Из-за папы, из-за его неиссякаемой бдительности, его вселенской опеки и сумасшедшей тревоги за меня и мою жизнь в детстве я ни с кем не дружила близко, серьезно, так, чтобы не разлей вода. Папа был всегда рядом со мной, как солдат на посту, как солнце в небе...
Я вздохнула над папиным письмом и снова украдкой взглянула на Черта. Его лицо было спокойным, безмятежным, толь¬ко в уголках губ таилось какое-то обидное брезгливое выражение. Или это мне только показалось? Но теперь его лицо и выражение этого лица не имели никакого ко мне отношения. Я и Черт — чужие люди, как бы случайно оказавшиеся в одном вагоне, друг против друга, будто унылые попугайчики. И что я тогда так переживала? С самого начала со мной и Чертом все было ясно. Ведь мы составляли нелепую пару.

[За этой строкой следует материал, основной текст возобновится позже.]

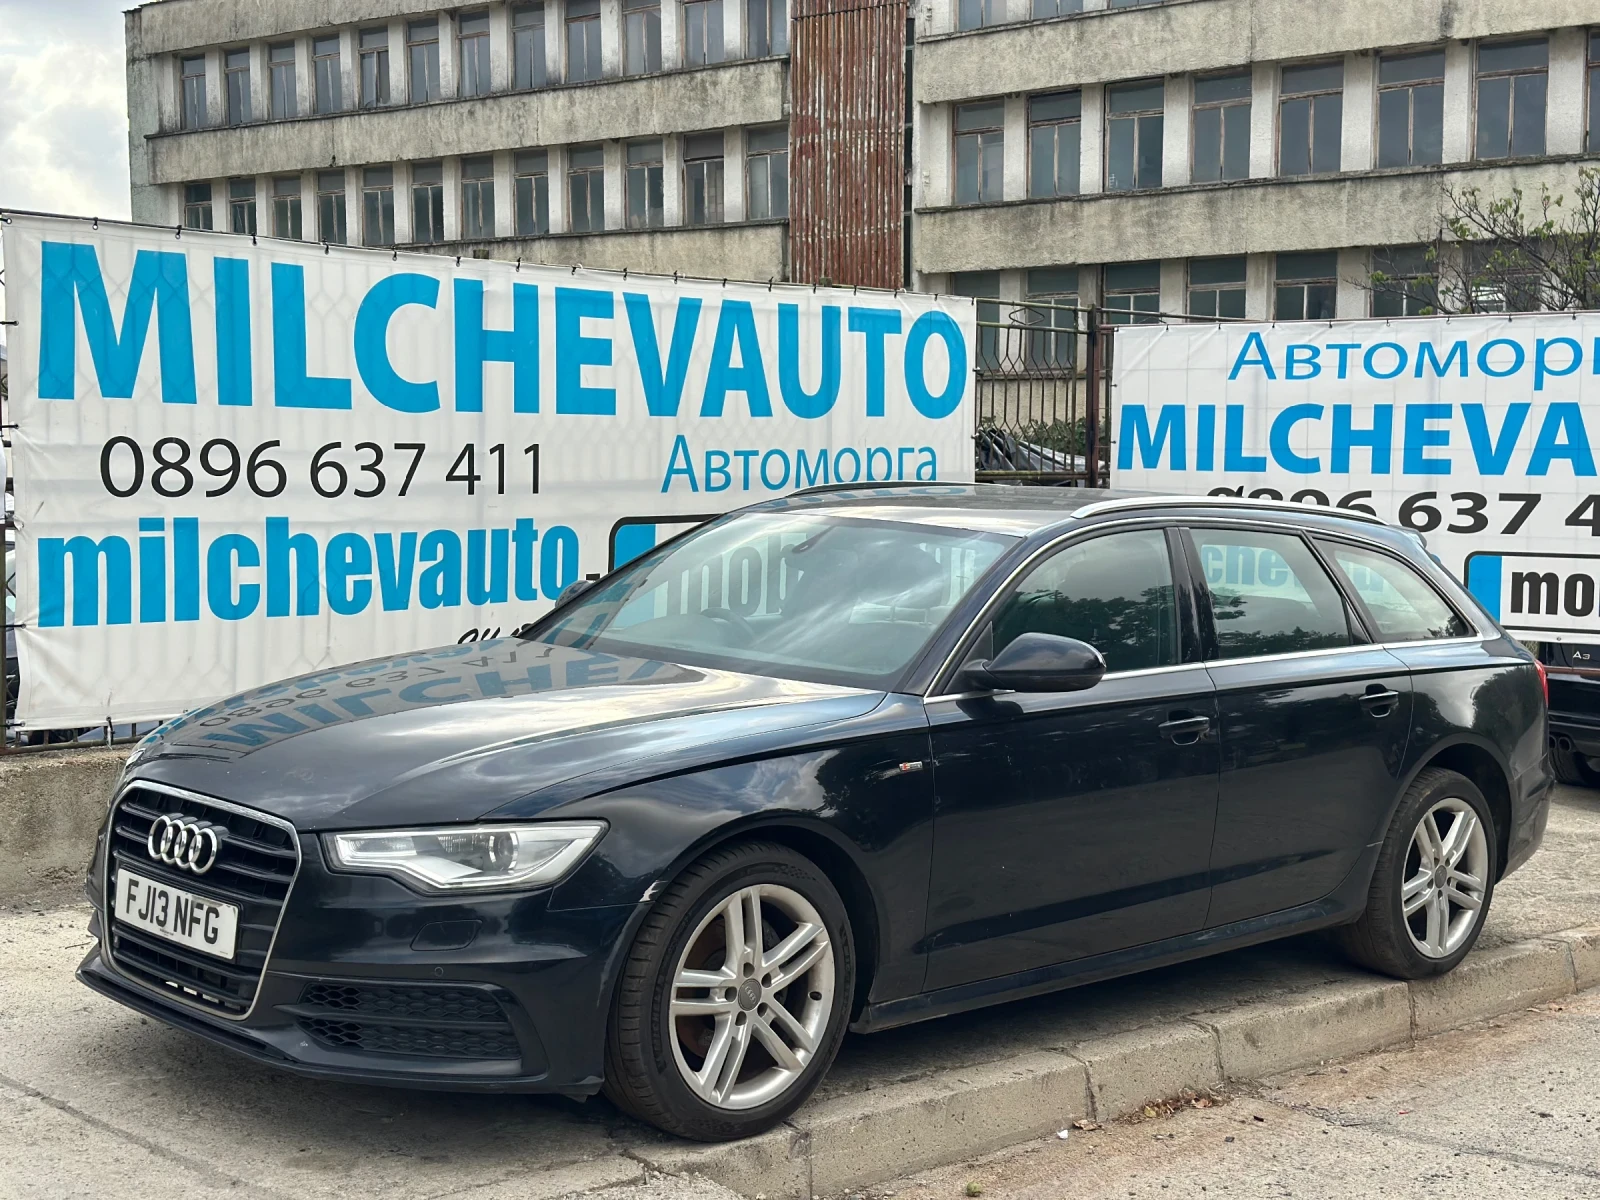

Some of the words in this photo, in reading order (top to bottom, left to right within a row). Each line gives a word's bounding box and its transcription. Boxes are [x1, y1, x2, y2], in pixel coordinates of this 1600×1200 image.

Он высокий, черноглазый, с правильными чертами матового лица, с кошачьей мягкой походкой и густой, вороного цвета шевелюрой. На эту шевелюру, помню, оглядывались многие прохожие. Конечно же, не все в облике Черта было совершенно, но эти недостатки не бросались в глаза и поэтому как бы не считались. Например, я знала, у Черта не очень высокий лоб — можно даже сказать, узкий, неприятный. Он тщательно прикрывал его челкой, маскировал. У него некрасивые верхние зубы — будто по ним кто-то ударил, они разъехались, но не выпали и прижились, оставшись кривыми: один смотрит туда, другой сюда... И все-таки... Все-таки в первый момент Черт производил ошеломляющее впечатление своей внешностью: яркие, сочные краски — смугловатое матовое лицо, вороные волосы, свежие, красивые губы, черные глаза. Ну, это я уже повторяюсь.
Рядом с ним я смотрелась ужасно. Широкоплечая, скуластая, ниже Черта на целую голову, но все же довольно живая и непосредственная. Вот глаза у меня были — да, достоинство. Они меняли цвет, как море, — то синие, то серые, глубокие, то зеленые. В общем, цвет их зависел от цвета одежды. Но почему Черт ко мне привязался — загадка, ведь у него была возможность с такими девочками ходить — закачаешься! Познакомились мы с Чертом за два месяца до нашей ночной поездки. Познакомились довольно оригинально; и конечно же, ничего бы у нас не сладилось, не будь моего блистательного вранья. Вообще-то я никогда не отличалась лукавством и изворотливостью, но в момент нашего первого разговора будто нечистая сила потянула меня за язык.
Мой папа — методист по лечебной физкультуре. У него довольно маленький оклад, и он, сколько себя помню, подрабатывал частными уроками. То есть два-три раза в неделю папа ходил заниматься лечебной физкультурой в пару богатых семей, а в конце месяца получал гонорар, и, честно говоря, эти не ах какие деньги были существенным подспорьем в нашем семейном бюджете.
В первых числах апреля папа попросил сходить меня к профессору-историку, новому своему клиенту. Профессор страдал остеохондрозом — отложением солей, и папа не успевал зайти к профессору за деньгами, перезвонил и сказал, что приду я, дочка, и чтобы конверт с гонораром передали мне.